The Lady of Shalott was of an indeterminate age and might once have been plain before the rigours of artistic interpretation for working on her. This was the annoying side of the Feedback Loops; irrespective of how she had once looked or even wanted to look, she was now a pre-Raphaelite beauty with long flaxen tresses, flowing white gowns and a silver forehead band. She wasn't the only one to be physically morphed by Reader Expectation. Miss Havisham was now elderly whether she liked it or not and Sherlock Holmes wore a deerstalker and smoked a ridiculously large pipe. The problem wasn't just confined to the classics. Harry Potter was seriously pissed of that he'd have to spend the rest of his life looking like Daniel Radcliffe.

John William Waterhouse's The Lady of Shalott.

I could believe that some Jasper Fforde readers might get tired of the plot patterns that one sees repeated from book to book. I myself bought One of our Thursdays is Missing many months ago but have only just picked it off the shelf, whereas I once devoured Fforde’s novels as soon as they appeared. That being said, I am not one who is going to complain about Fforde’s now quite usual plot line and style. I love it. I own and have read every novel he’s published and I will continue to purchase them without question. I love the truly bizarre conspiracy theories and plot twists. The strange characters, the gags, the fake ads in the back of the book.

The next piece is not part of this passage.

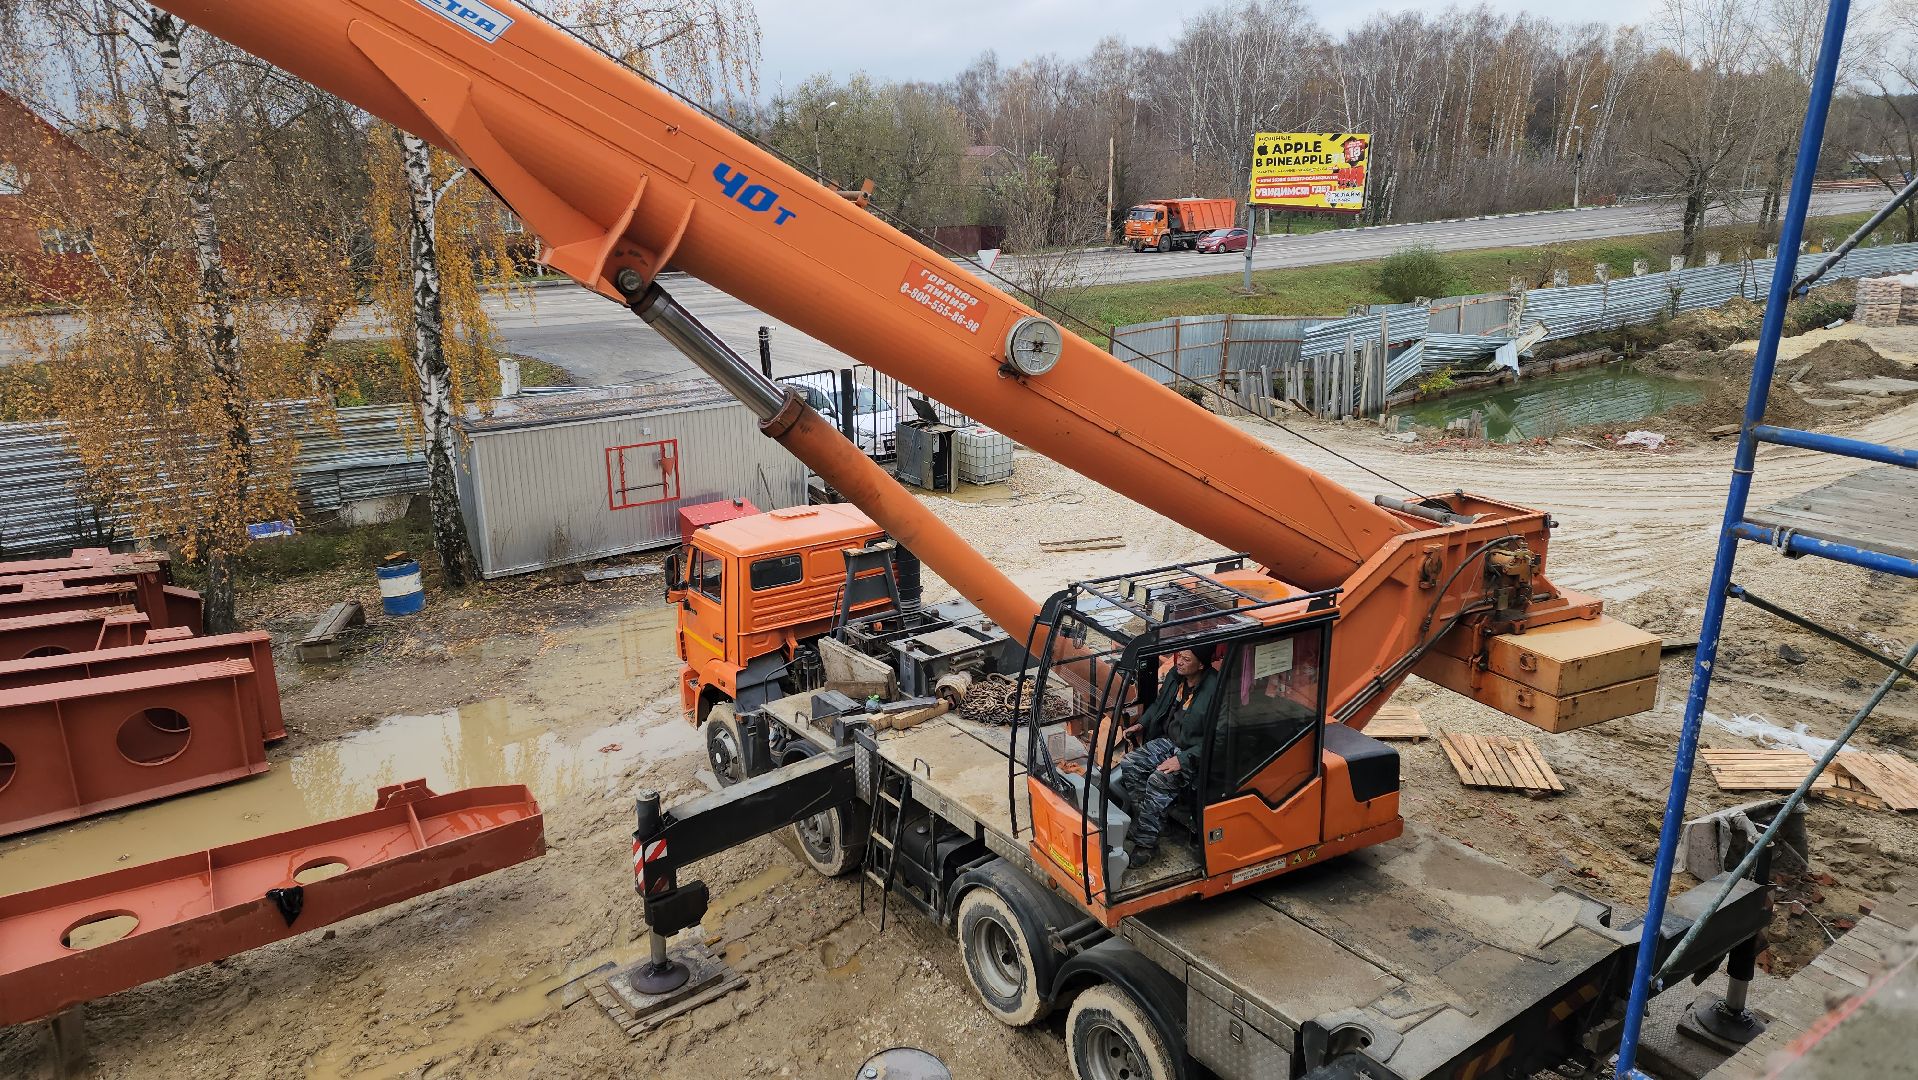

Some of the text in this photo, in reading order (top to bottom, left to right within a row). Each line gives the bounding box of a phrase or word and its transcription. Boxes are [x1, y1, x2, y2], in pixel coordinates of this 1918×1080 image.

Book reviews compare Fforde to Terry Pratchett or Monty Python and I can certainly see the similarities in the humour and in the construction of alternative worlds that are so beautifully and intricately described you find yourself becoming involved.

For me, the Bookworld is so well-described and so well-known by now that I actually feel bad about putting the book down because the characters are no longer being read anymore. I also get to feel a lovely warm glow of smugness when I get one of the literary references.

I recommend One of our Thursdays is Missing – just read the first 5 books in the series before you begin.